### Instructions to follow
The task calls for every entry to be printed word for word, without the images.

(Text-to-region grounding data)
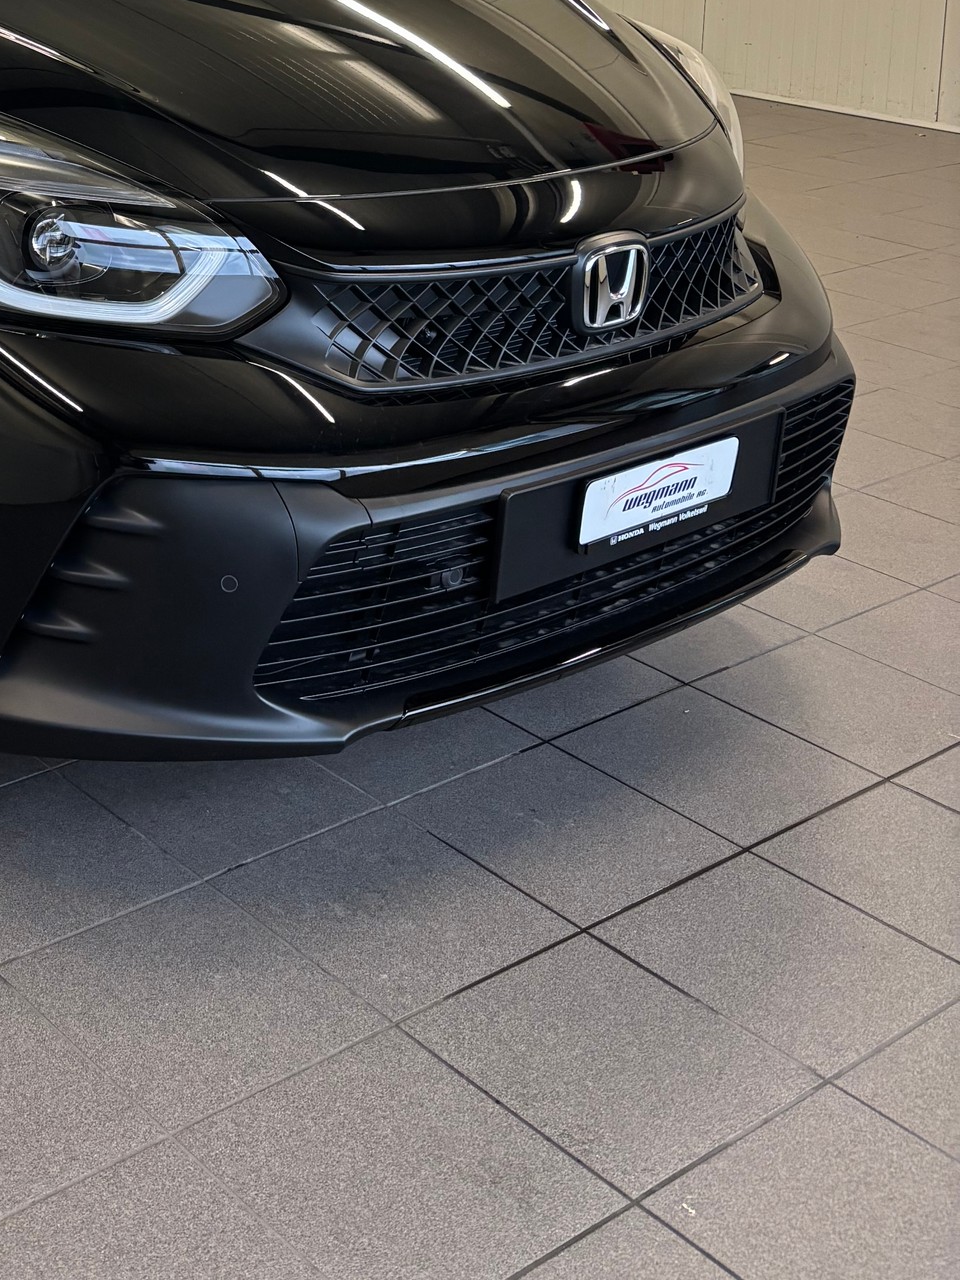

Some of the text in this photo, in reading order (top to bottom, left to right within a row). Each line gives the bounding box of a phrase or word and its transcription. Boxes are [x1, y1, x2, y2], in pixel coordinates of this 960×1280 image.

[622, 476, 698, 513] wegmann
[618, 528, 645, 542] HONDA
[648, 516, 678, 532] Wegmann
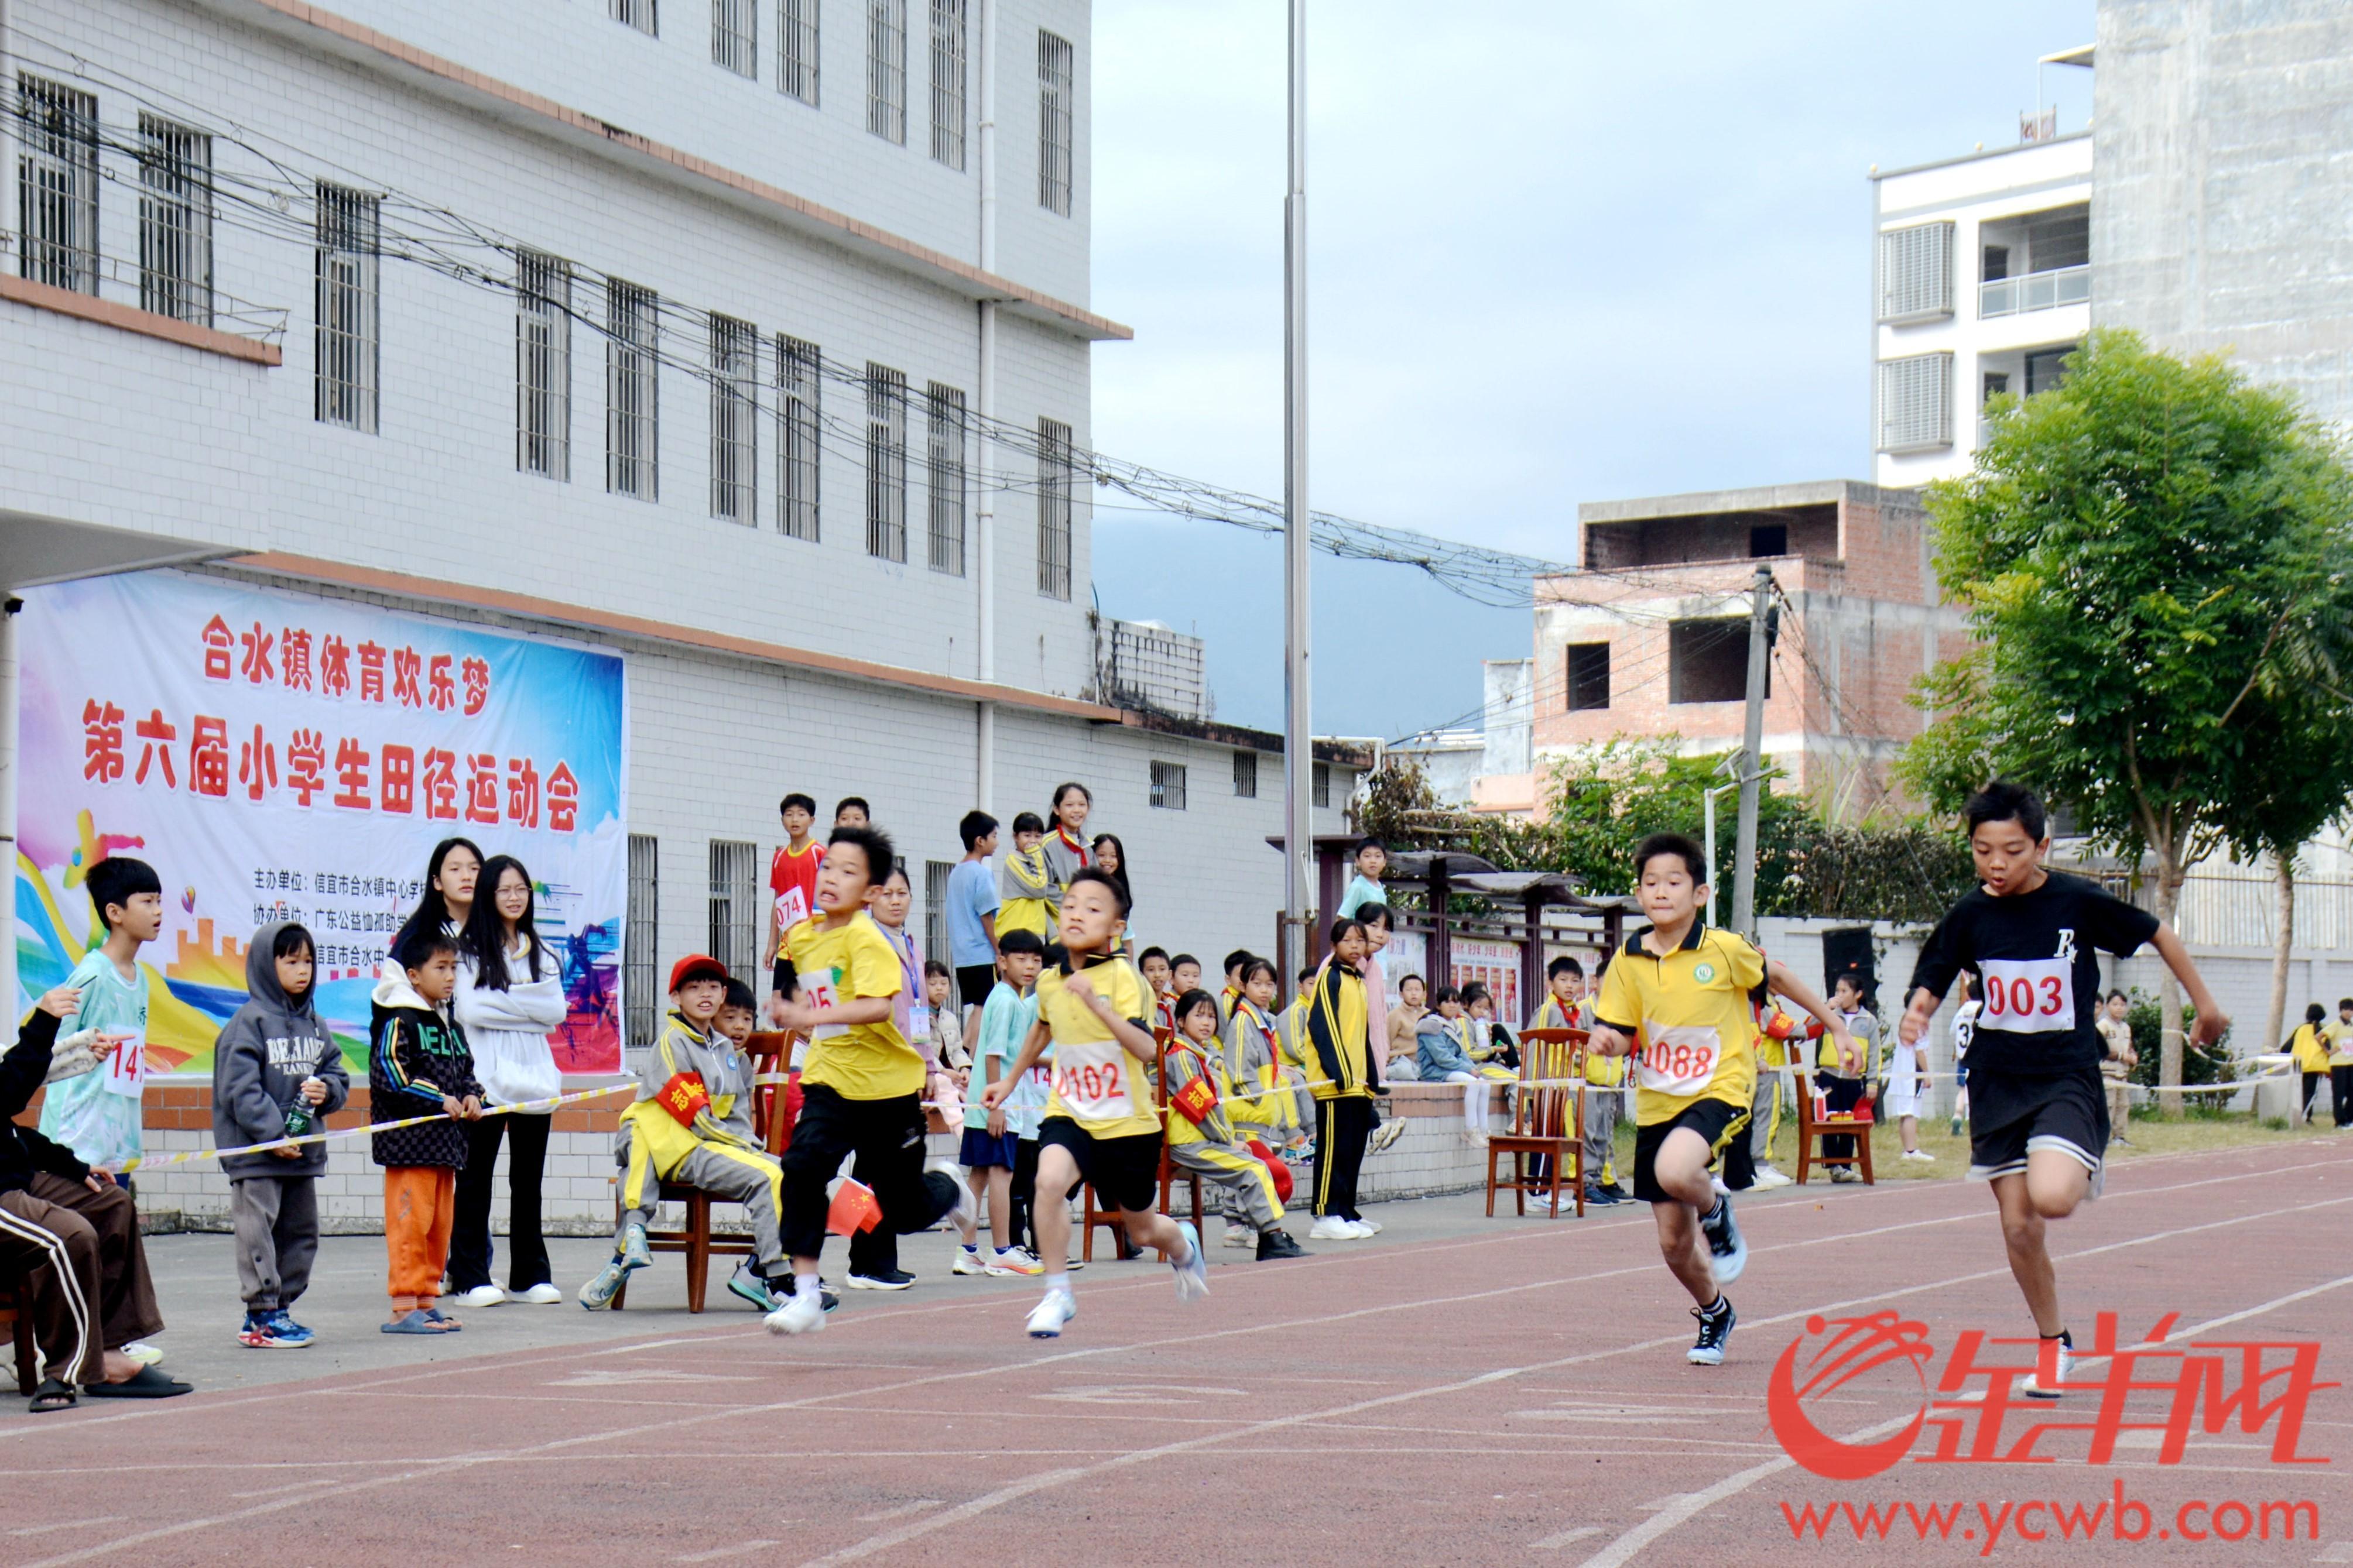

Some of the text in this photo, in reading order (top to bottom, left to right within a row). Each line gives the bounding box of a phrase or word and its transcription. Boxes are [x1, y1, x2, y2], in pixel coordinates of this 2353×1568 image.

[201, 613, 491, 717] 合水镇体育欢乐梦
[82, 698, 579, 832] 第六届小学生田径运动会
[1988, 975, 2063, 1016] 003

### Finished task
Some of the text in this photo, in reading order (top to bottom, left to right within a row). Each line gives the bounding box of a phrase or word and its transcription. Boxes are [x1, y1, x2, y2], in pixel coordinates of this 960×1280 image.

[622, 476, 698, 513] wegmann
[618, 528, 645, 542] HONDA
[648, 516, 678, 532] Wegmann

Some of the text in this photo, in reading order (top to bottom, left to right within a row). Each line gives the bounding box of a phrase or word and its transcription. Boxes are [x1, y1, x2, y2], in pixel coordinates of this 2353×1568 image.

[201, 613, 491, 717] 合水镇体育欢乐梦
[82, 698, 579, 832] 第六届小学生田径运动会
[1988, 975, 2063, 1016] 003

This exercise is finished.